Where a picture appears, omit it; repeat everything else in the records exactly.

* [Excerpted data]

☆ ☆ ☆ ☆ ☆

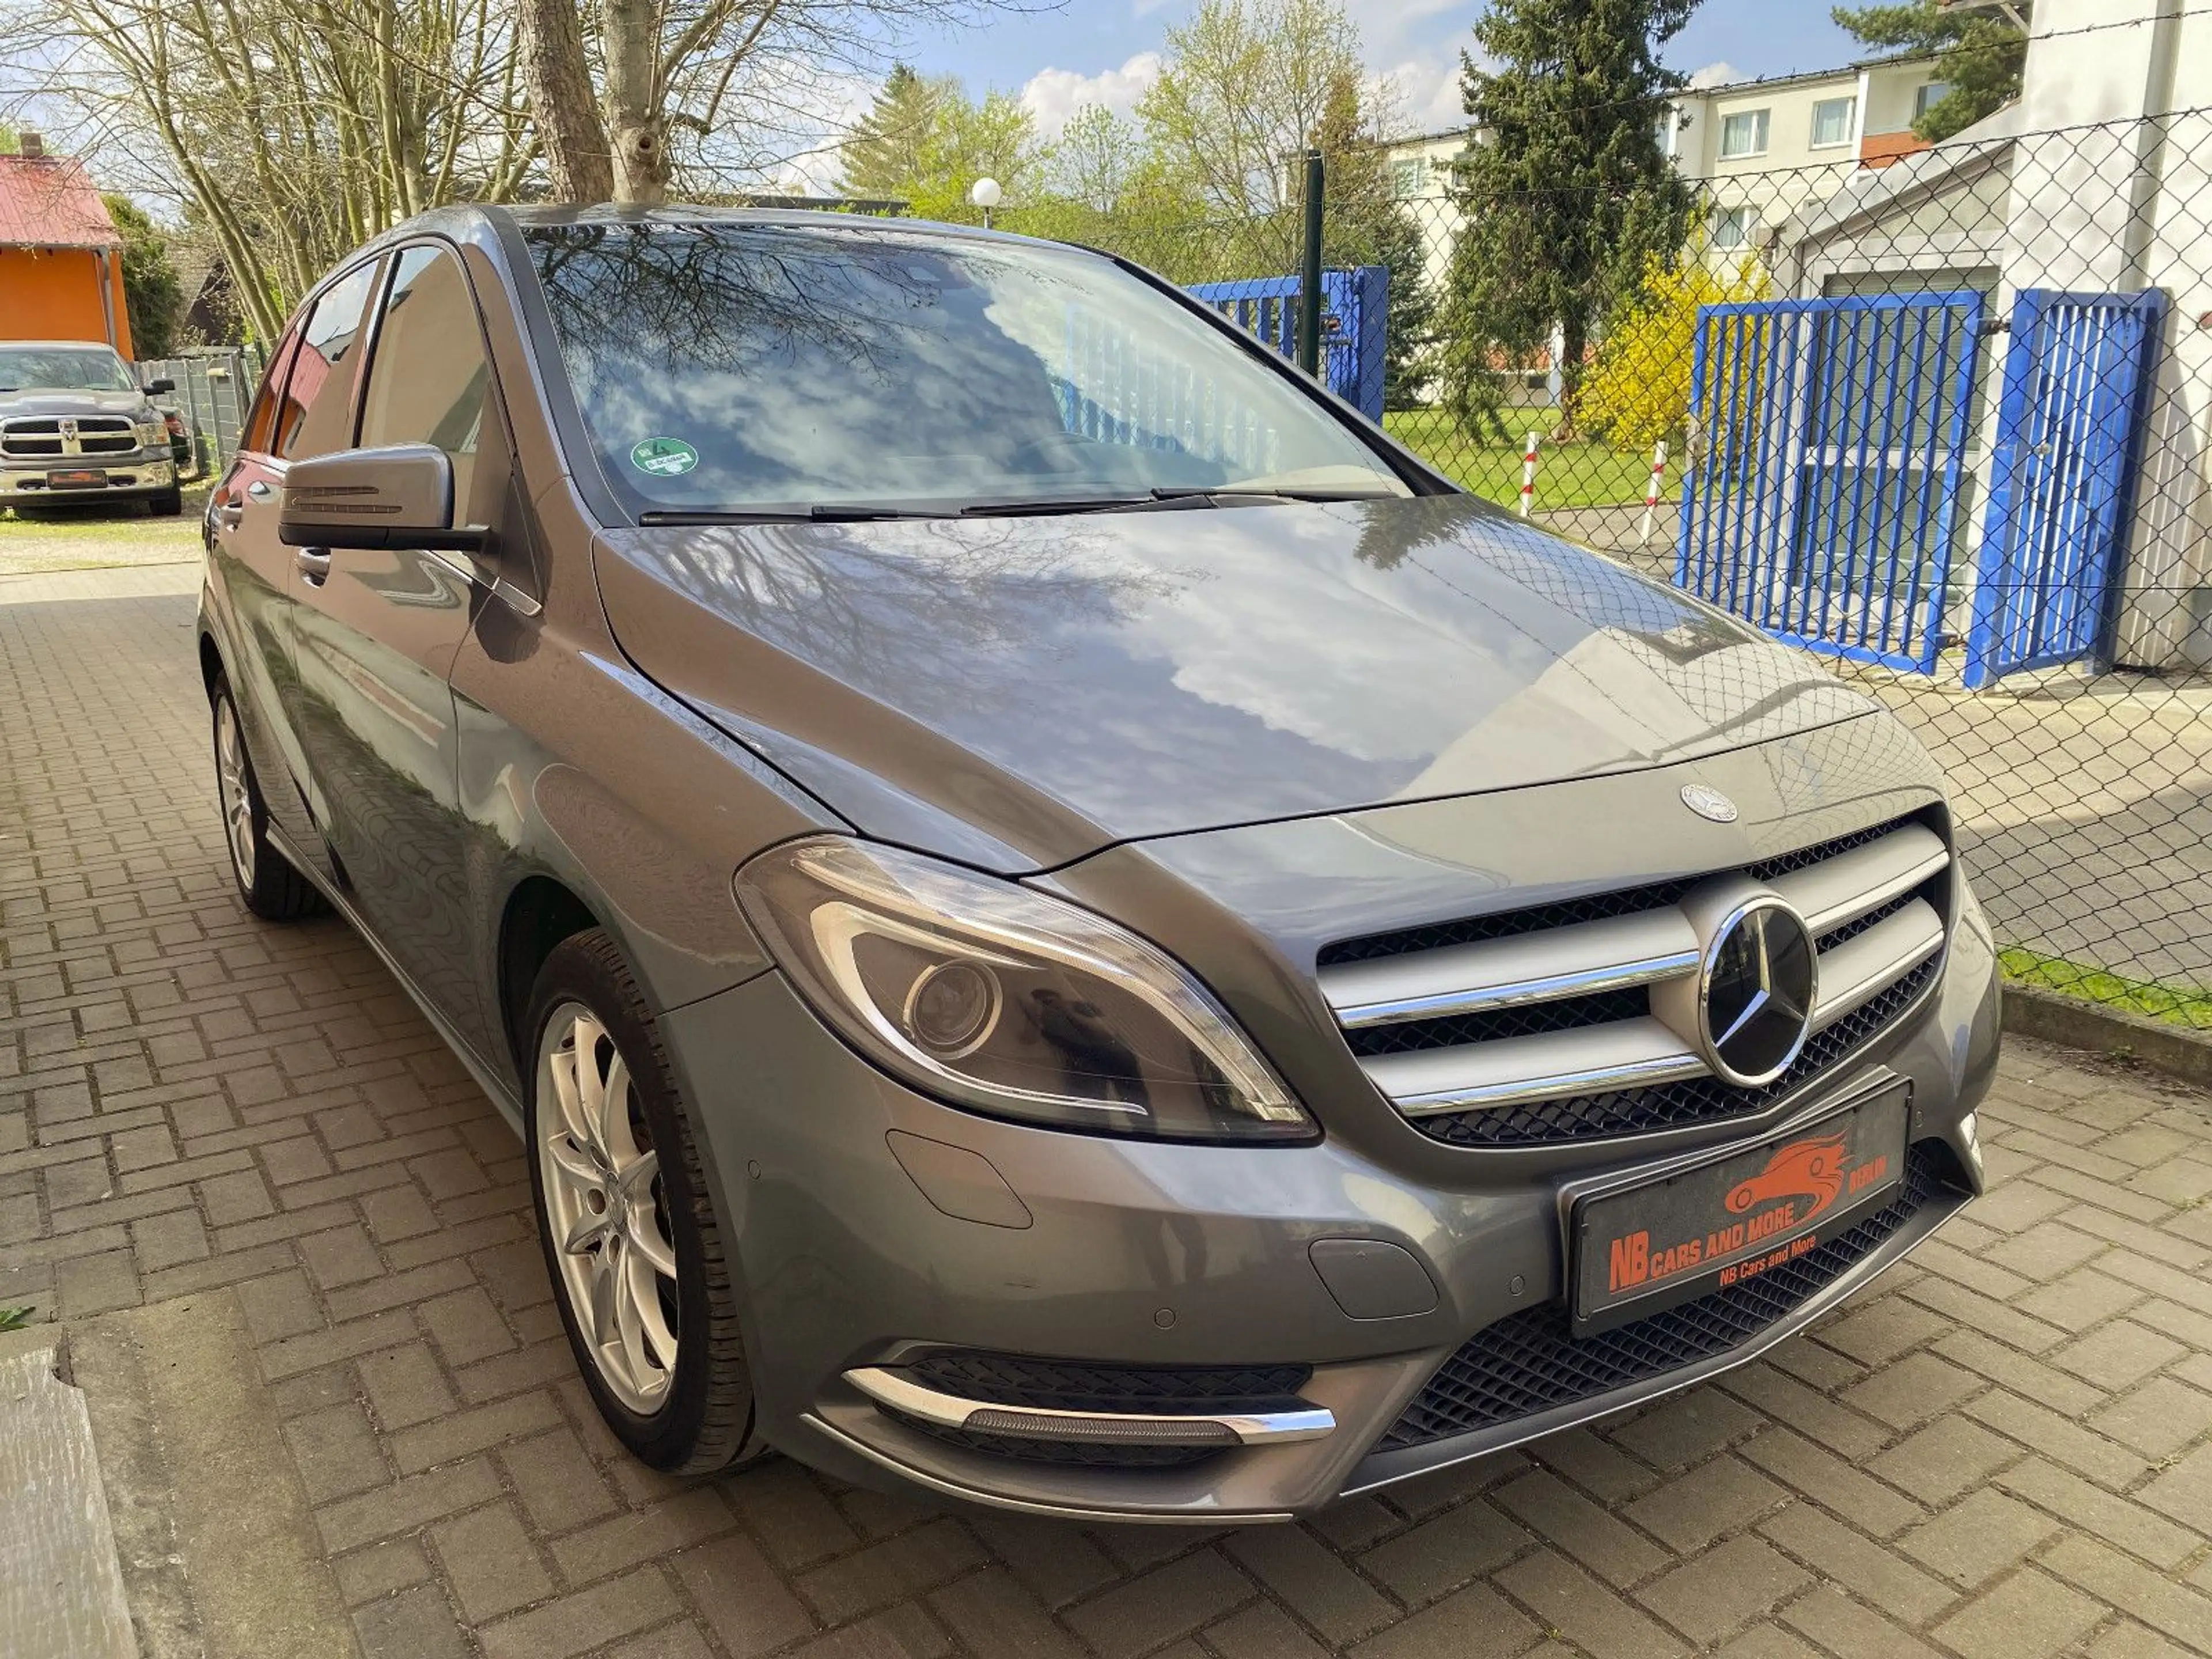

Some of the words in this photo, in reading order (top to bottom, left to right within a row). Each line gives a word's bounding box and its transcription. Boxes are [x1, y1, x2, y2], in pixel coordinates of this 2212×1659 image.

[1609, 1230, 1649, 1290] NB
[1650, 1240, 1701, 1277] CARS
[1705, 1224, 1743, 1259] AND
[1748, 1202, 1794, 1242] MORE
[1720, 1267, 1737, 1286] NB
[1740, 1257, 1766, 1278] Cars
[1768, 1246, 1788, 1267] and
[1791, 1235, 1816, 1257] More

☆ ☆ ☆ ☆ ☆

* [Worked solution]
Some of the words in this photo, in reading order (top to bottom, left to right within a row). Each line gives a word's bounding box and its transcription. Boxes are [x1, y1, x2, y2], in pixel coordinates of this 2212×1659 image.

[1609, 1230, 1649, 1290] NB
[1650, 1240, 1701, 1277] CARS
[1705, 1224, 1743, 1259] AND
[1748, 1202, 1794, 1242] MORE
[1720, 1267, 1737, 1286] NB
[1740, 1257, 1766, 1278] Cars
[1768, 1246, 1788, 1267] and
[1791, 1235, 1816, 1257] More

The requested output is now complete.